Data shown:
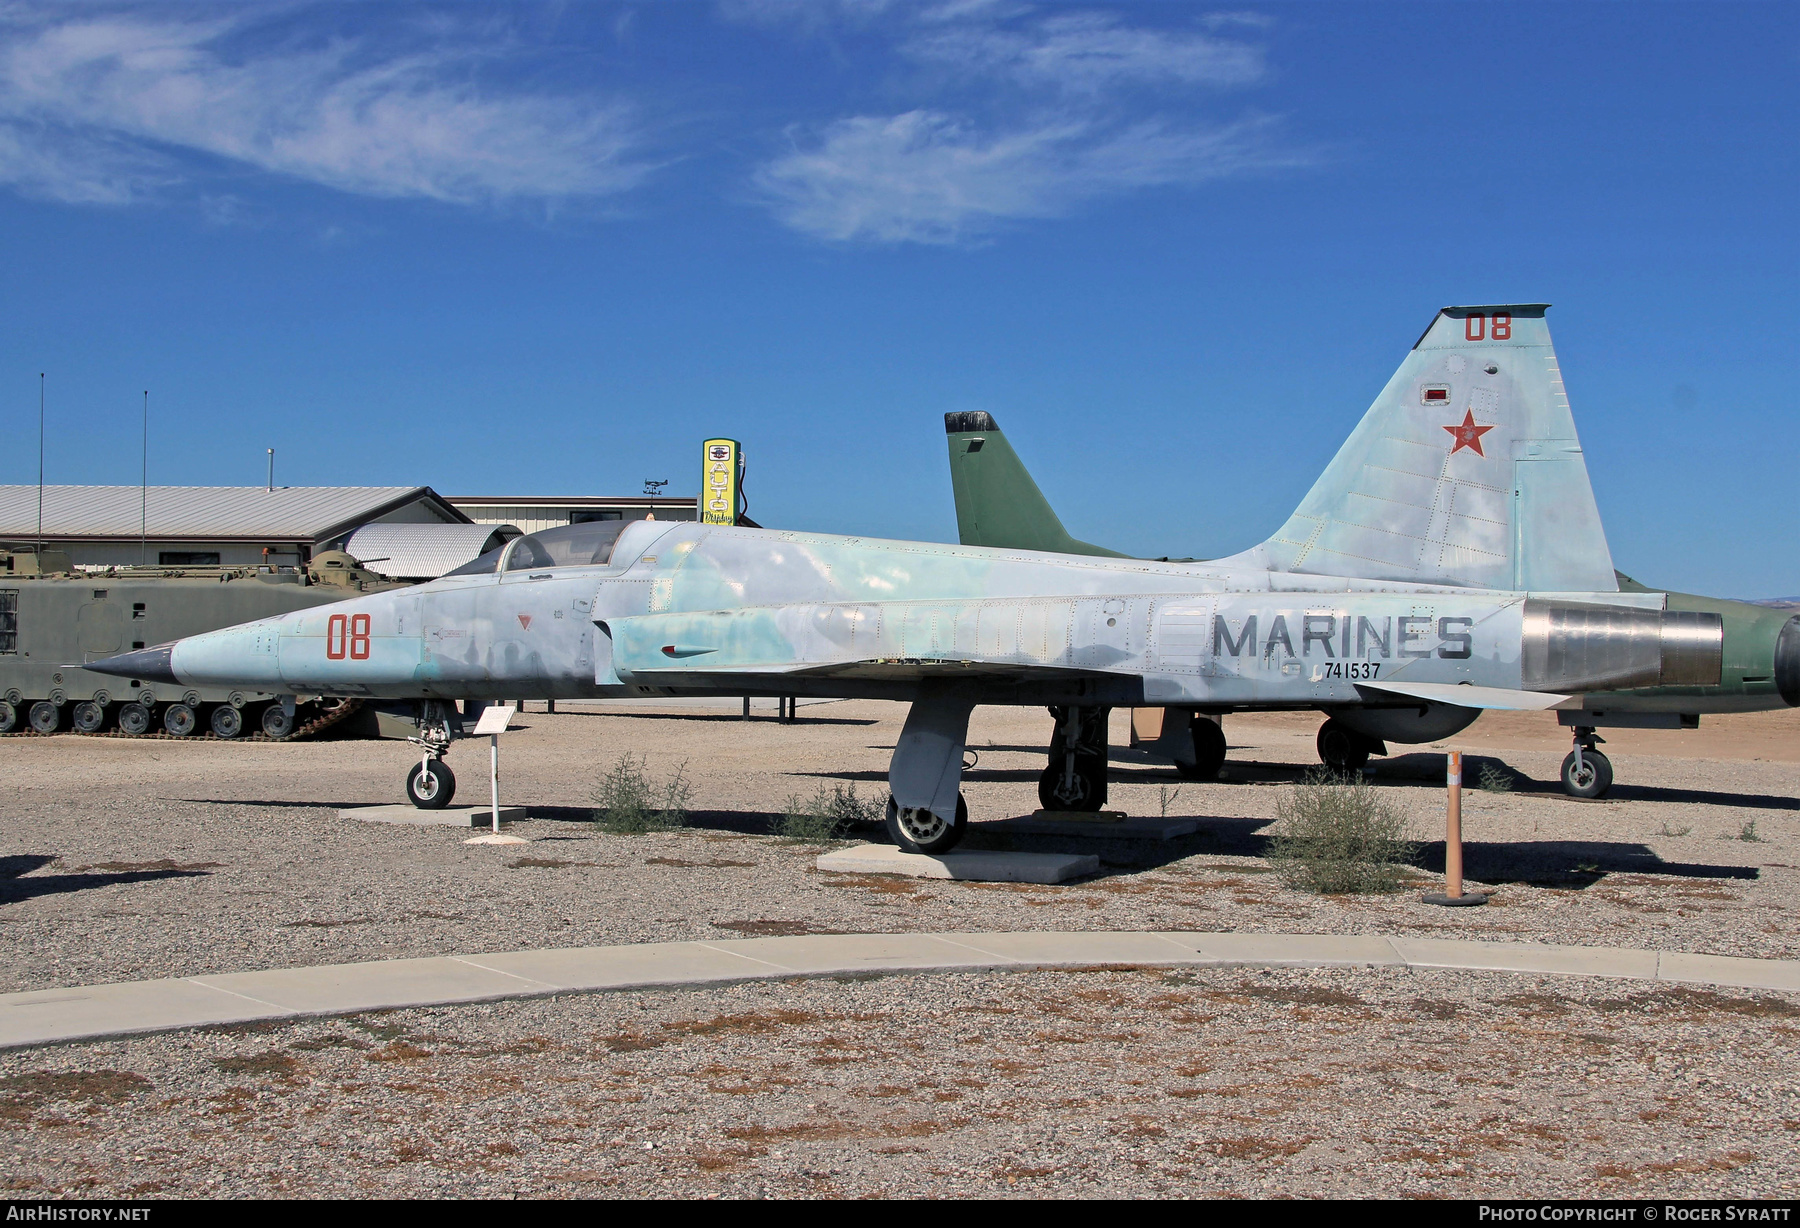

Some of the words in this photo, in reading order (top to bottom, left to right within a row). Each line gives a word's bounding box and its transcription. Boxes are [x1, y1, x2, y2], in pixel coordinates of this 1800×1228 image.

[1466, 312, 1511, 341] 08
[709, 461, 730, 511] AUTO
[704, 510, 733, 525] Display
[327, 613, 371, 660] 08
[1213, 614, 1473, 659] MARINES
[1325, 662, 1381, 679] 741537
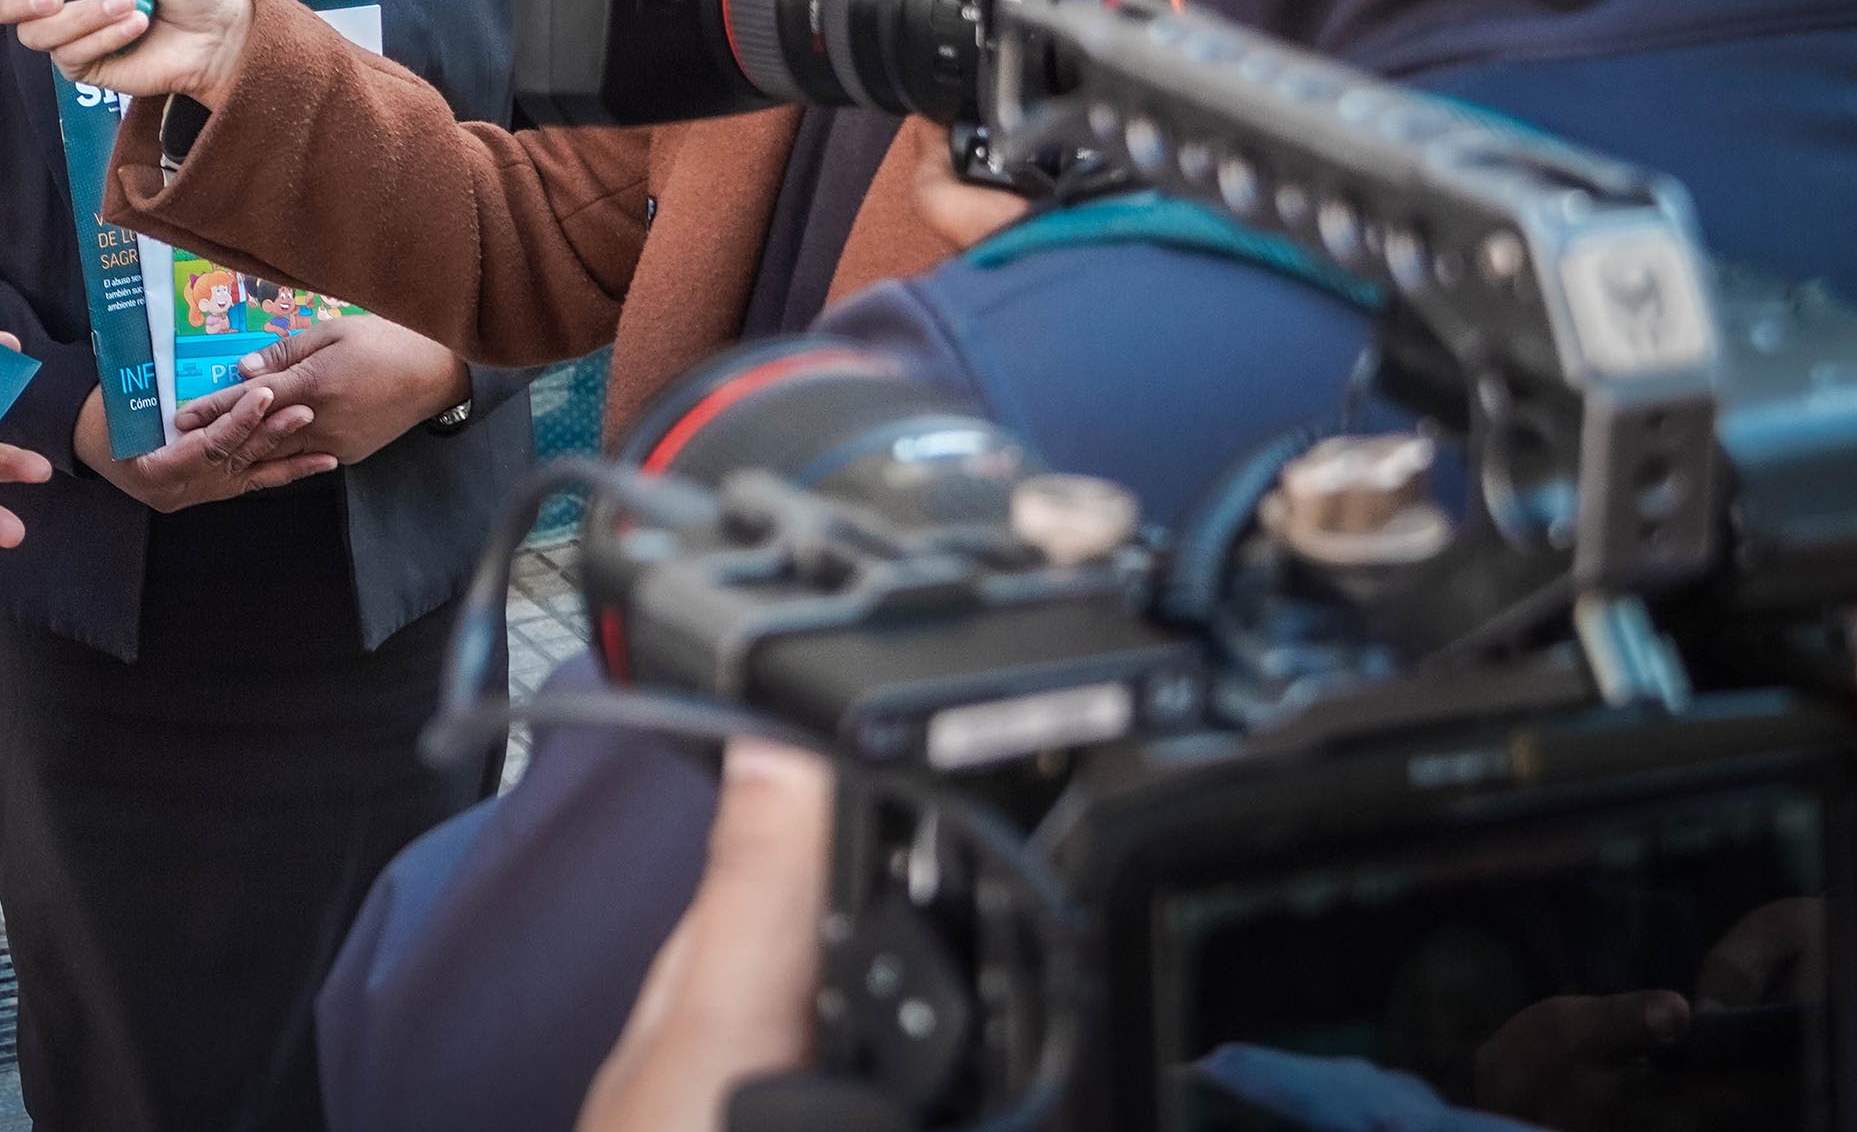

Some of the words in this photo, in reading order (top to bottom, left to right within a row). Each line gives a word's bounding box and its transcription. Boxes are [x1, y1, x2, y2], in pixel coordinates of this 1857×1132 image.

Task to carry out:
Everything in the entries must be written out exactly; the pictures stay out.

Written solution:
Some of the words in this photo, in reading order (top to bottom, left to right within a row). Each line gives a word's bounding box and its transcription. Boxes are [x1, y1, x2, y2], in pixel coordinates of this 1800×1228 image.

[1466, 312, 1511, 341] 08
[709, 461, 730, 511] AUTO
[704, 510, 733, 525] Display
[327, 613, 371, 660] 08
[1213, 614, 1473, 659] MARINES
[1325, 662, 1381, 679] 741537

Some of the words in this photo, in reading order (top to bottom, left to right within a row). Each line gives a word's bounding box and its transcription. Boxes are [x1, y1, x2, y2], in pixel coordinates of this 1857×1132 image.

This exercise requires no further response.